Lettere dalla casetta – Settimana 3
A cura di Rebecca, volontaria Sinergia
Questa settimana è stata scoppiettante! ![]()
Dopo una 𝐝𝐨𝐦𝐞𝐧𝐢𝐜𝐚 di puro divertimento al torneo di calcio con altre case famiglia, il piccolino della nostra casetta ha vinto la 𝐜𝐨𝐩𝐩𝐚 𝐩𝐞𝐫 𝐢𝐥 𝐜𝐨𝐫𝐚𝐠𝐠𝐢𝐨, essendo il più giovane del torneo e affrontando senza paura ragazzi e adulti molto più grandi di lui.
Un momento di orgoglio per tutti e la dimostrazione che la forza non sta nell’età, ma nel cuore. ![]()

𝐋𝐮𝐧𝐞𝐝𝐢’ sono tornata in strada.
Abbiamo incontrato un ragazzo, e poi la sua famiglia: dopo aver parlato insieme, ha deciso di tornare in casa famiglia per curarsi la gamba, a seguito di un’operazione per una grave bruciatura di secondo grado avvenuta in strada. Rivederlo scegliere di affidarsi e di voler stare meglio è stato un segno di speranza. ![]()

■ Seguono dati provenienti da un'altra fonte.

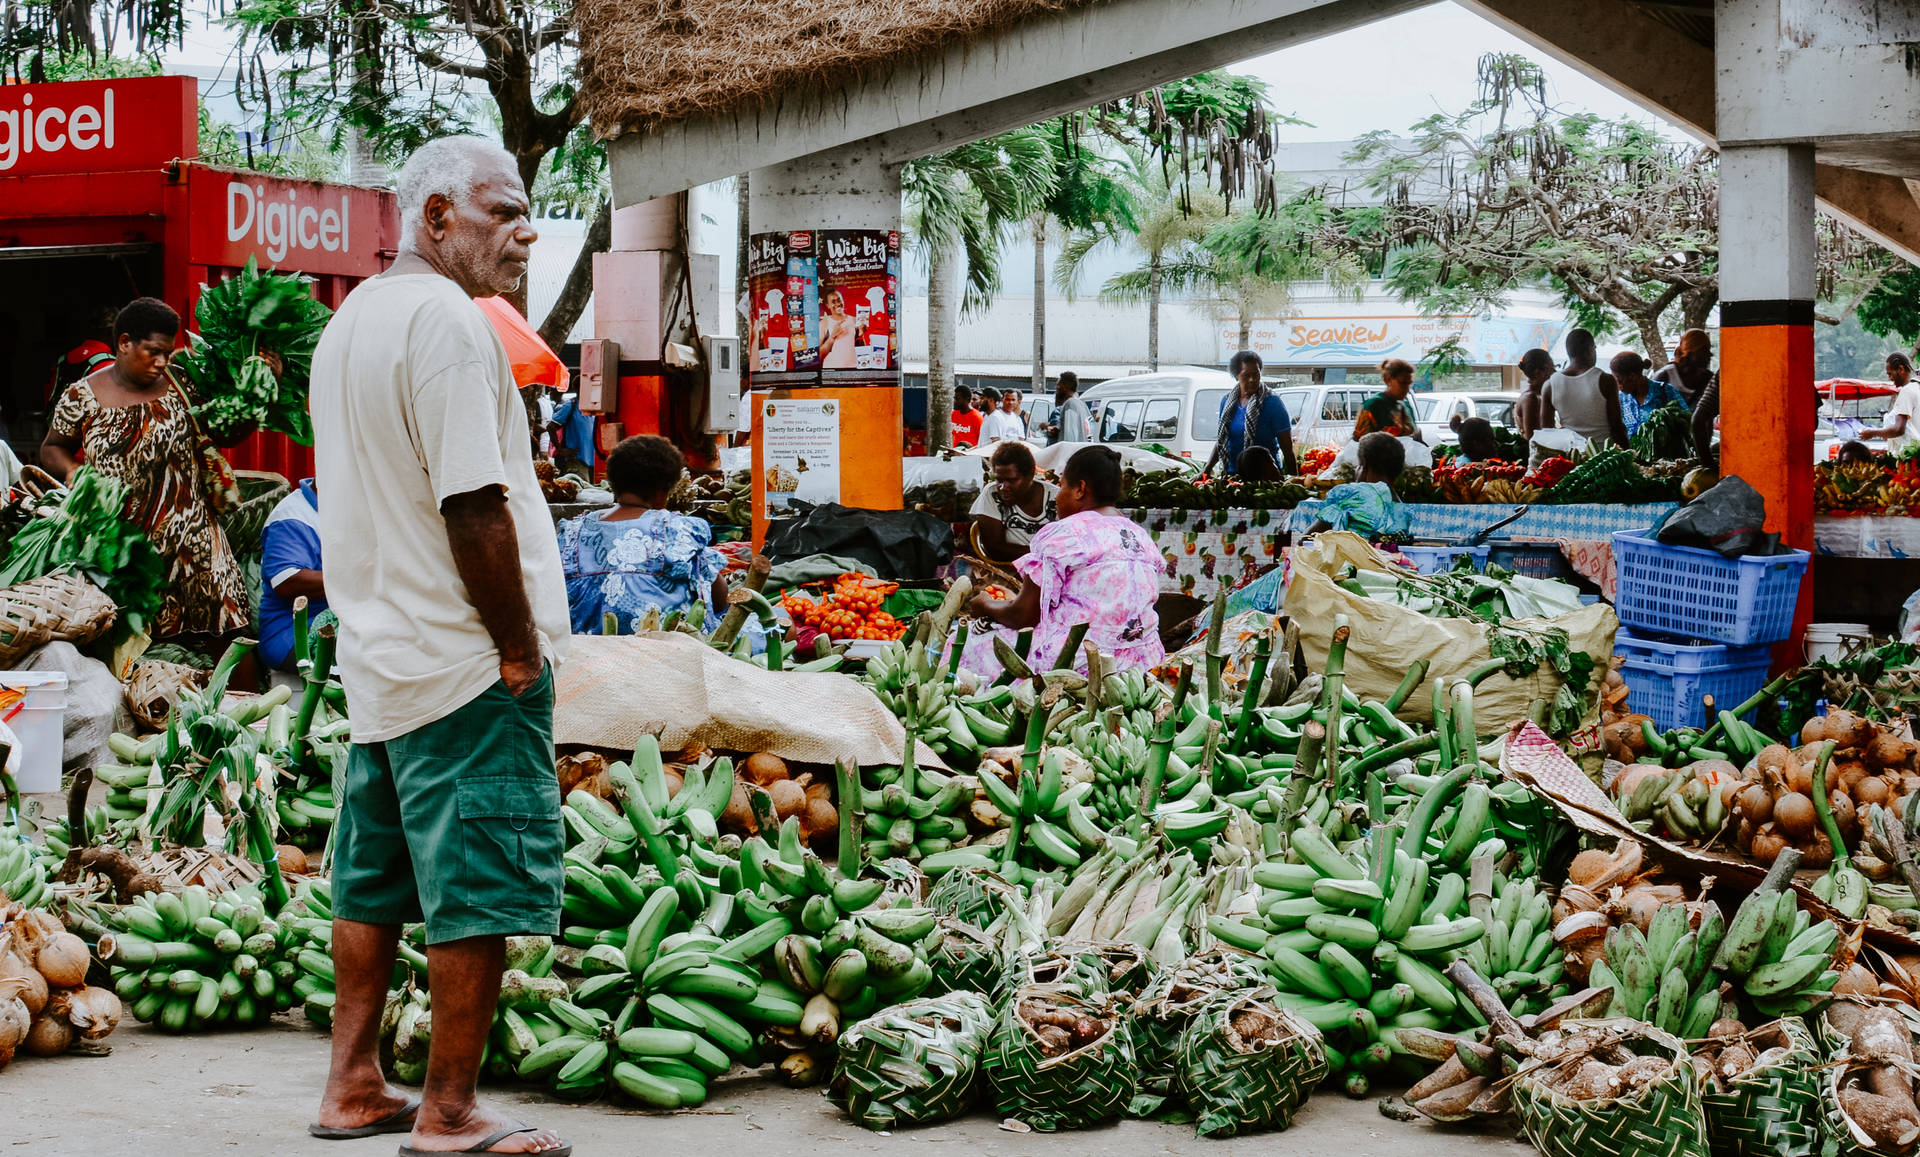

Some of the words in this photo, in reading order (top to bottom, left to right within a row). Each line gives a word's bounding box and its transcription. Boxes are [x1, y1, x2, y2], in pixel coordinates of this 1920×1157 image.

𝐌𝐚𝐫𝐭𝐞𝐝𝐢’ abbiamo guardato un film che ci ha portati a riflettere sui 𝐝𝐢𝐫𝐢𝐭𝐭𝐢 𝐝𝐞𝐢 𝐛𝐚𝐦𝐛𝐢𝐧𝐢. Desideravo che comprendessero davvero quali siano i loro diritti, per evitare che in futuro possano essere di nuovo violati. I ragazzi hanno partecipato con grande attenzione, condividendo esperienze del passato in cui questi diritti erano stati negati: il diritto allo studio, al gioco, allo sfogo, alla protezione, all’affetto. Ascoltarli è stato toccante, ma anche incoraggiante perché oggi, almeno qui, sanno che quei diritti appartengono anche a loro.
In settimana ho ricevuto una notizia che mi ha riempito di gioia: uno dei ragazzi con cui studio ogni giorno, mattina e sera, 𝐡𝐚 𝐬𝐮𝐩𝐞𝐫𝐚𝐭𝐨 𝐢𝐥 𝐬𝐞𝐦𝐞𝐬𝐭𝐫𝐞 𝐜𝐨𝐧 𝐨𝐭𝐭𝐢𝐦𝐢 𝐯𝐨𝐭𝐢!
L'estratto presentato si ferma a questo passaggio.